Die Angeklagte mit ihrem Verteidiger André Wallmüller beim Prozessauftakt im Landgericht

Der Prozessauftakt in Saal 23 des Kölner Justizgebäudes verlief sehr kurios.

Eine Bande von Trickbetrügern hat eine Kölner Seniorin um Vermögenswerte in sechsstelliger Höhe gebracht. Mit einem sogenannten Schockanruf gelang es den perfiden Tätern, die 93-Jährige zur Herausgabe von Goldmünzen zu bewegen. Der Wert: rund 311.000 Euro. Nun muss sich eine zweifache Mutter aus Berlin vor dem Landgericht verantworten. Sie hatte die Rolle der sogenannten „Abholerin“ übernommen.

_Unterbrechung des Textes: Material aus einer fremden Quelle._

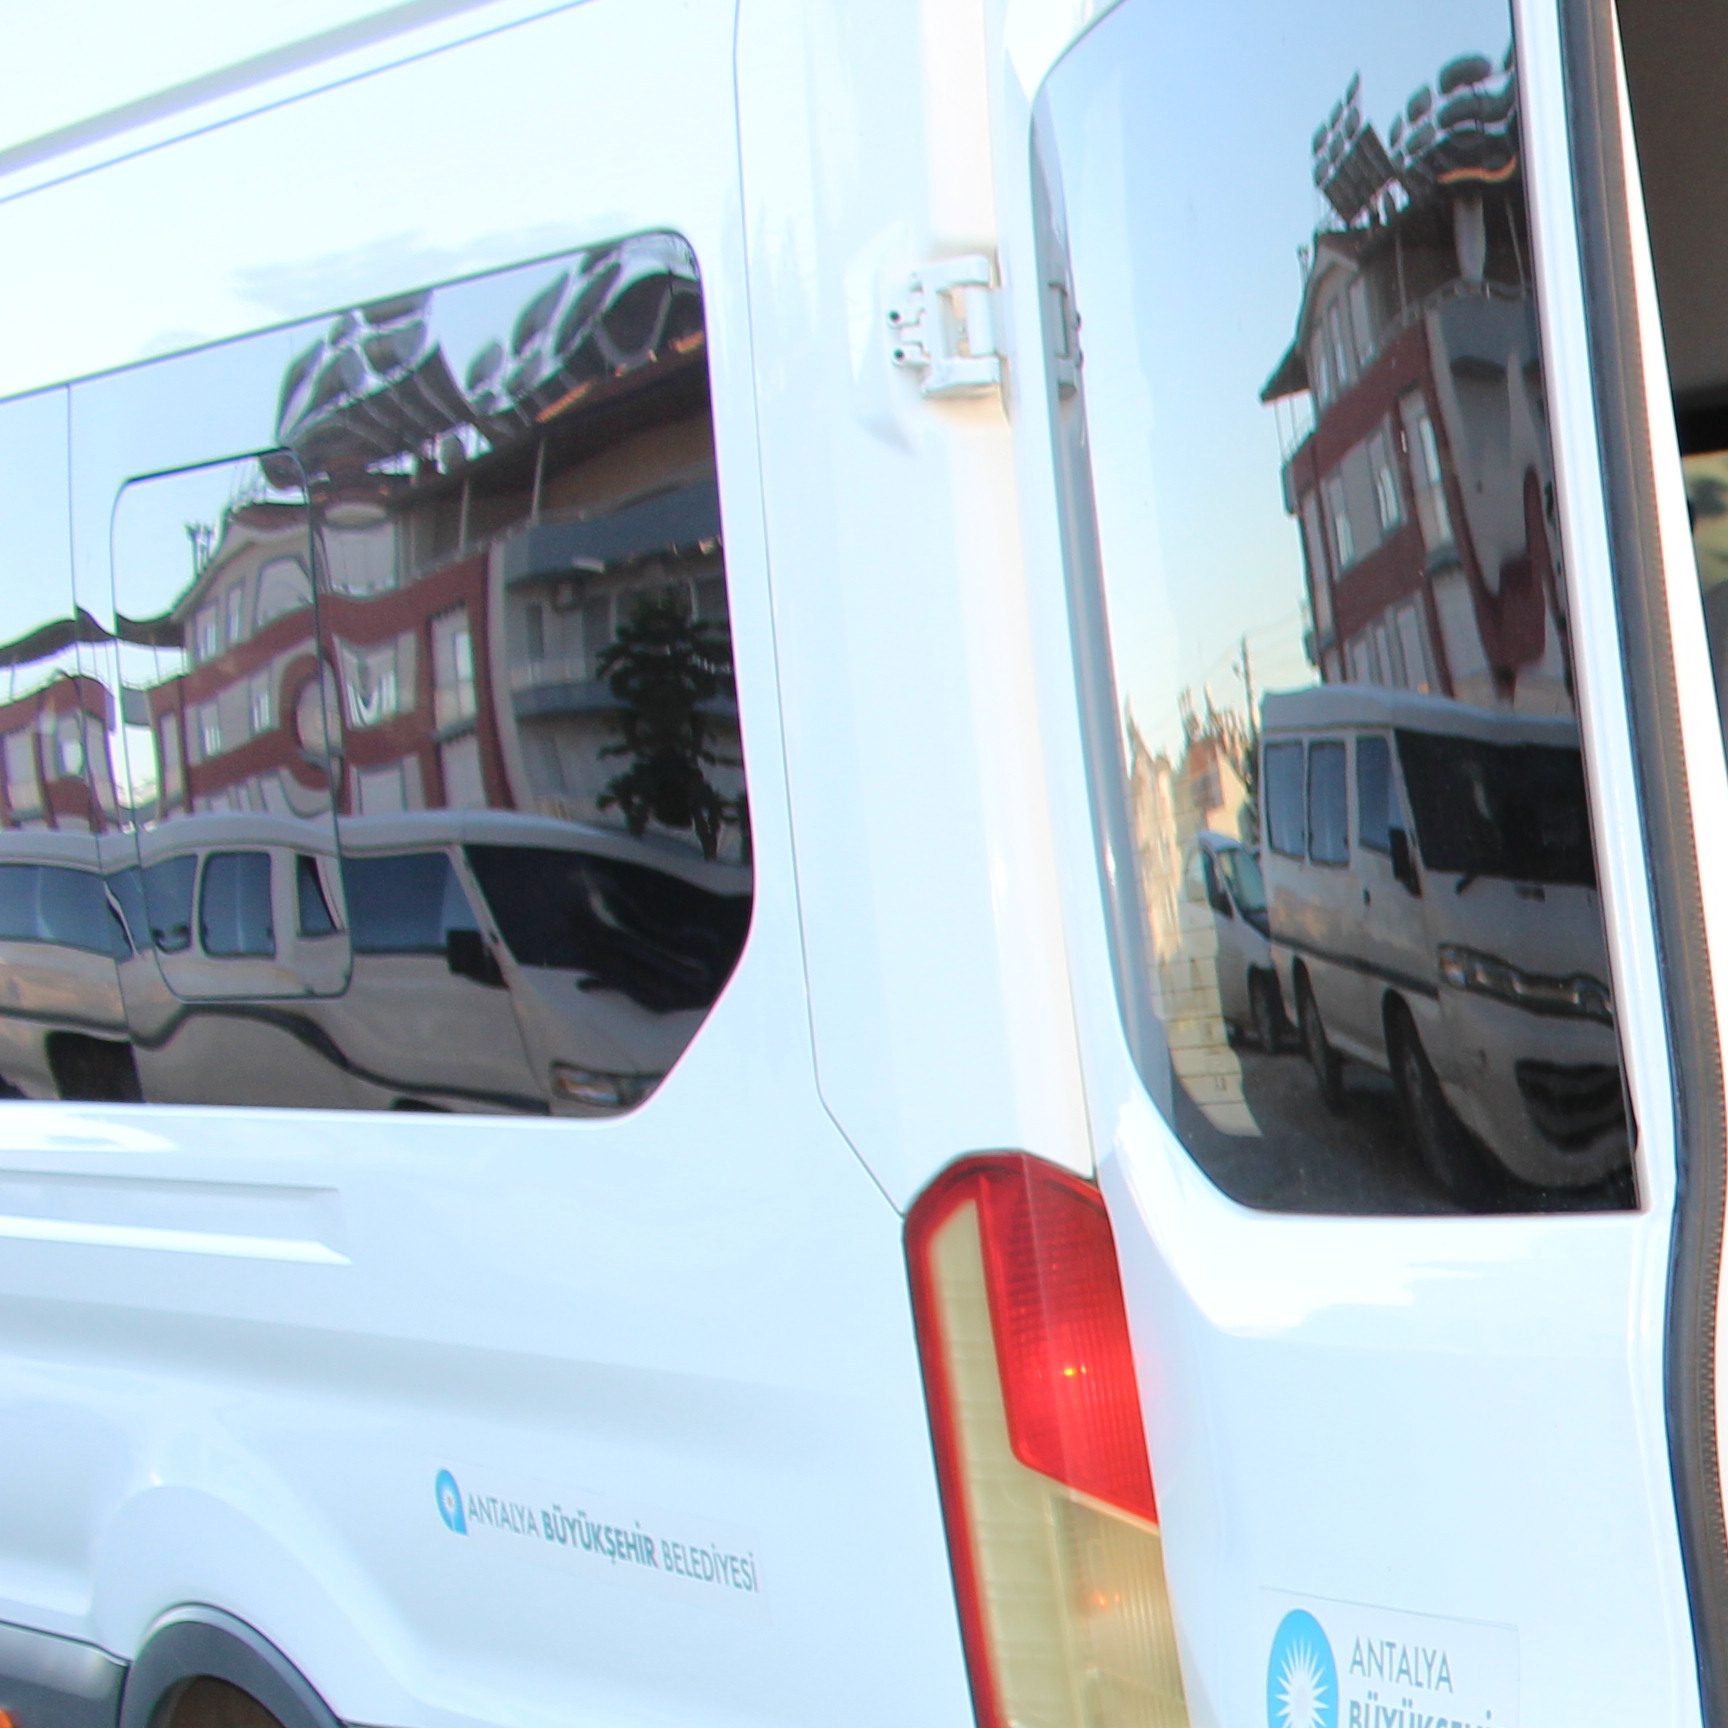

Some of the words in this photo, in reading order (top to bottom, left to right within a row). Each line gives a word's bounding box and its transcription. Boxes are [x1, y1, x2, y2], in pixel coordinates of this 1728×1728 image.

Köln: 120.000 Euro für „Corona-Behandlung“ gefordert

An einem Nachmittag im vergangenen Juni erhielt die Rentnerin den Anruf auf ihrem Festnetztelefon. Die Frau am anderen Ende der Leitung gab sich als Enkelin der Geschädigten aus – tatsächlich hatte die alte Dame zufällig einen solchen Anruf erwartet. Laut Anklage suggerierte die „Enkelin“ ihrem Opfer, schwer an Corona erkrankt zu sein. Diese spezielle Art könne man nur per Injektion behandeln.

Da auch ihre Eltern erkrankt seien, bräuchte sie drei Spritzen, die allerdings pro Verabreichung 40.000 Euro kosteten. Daher benötigte sie 120.000 Euro. „Die Geschädigte suchte nach Bargeld, hatte aber nur 8000 Euro im Haus“, so verlas es der Staatsanwalt. Dann sei der Seniorin aber eingefallen, dass sich in ihrem Tresor noch 144 wertvolle Goldmünzen befänden. Ein „Jackpot“ für die Trickbetrüger.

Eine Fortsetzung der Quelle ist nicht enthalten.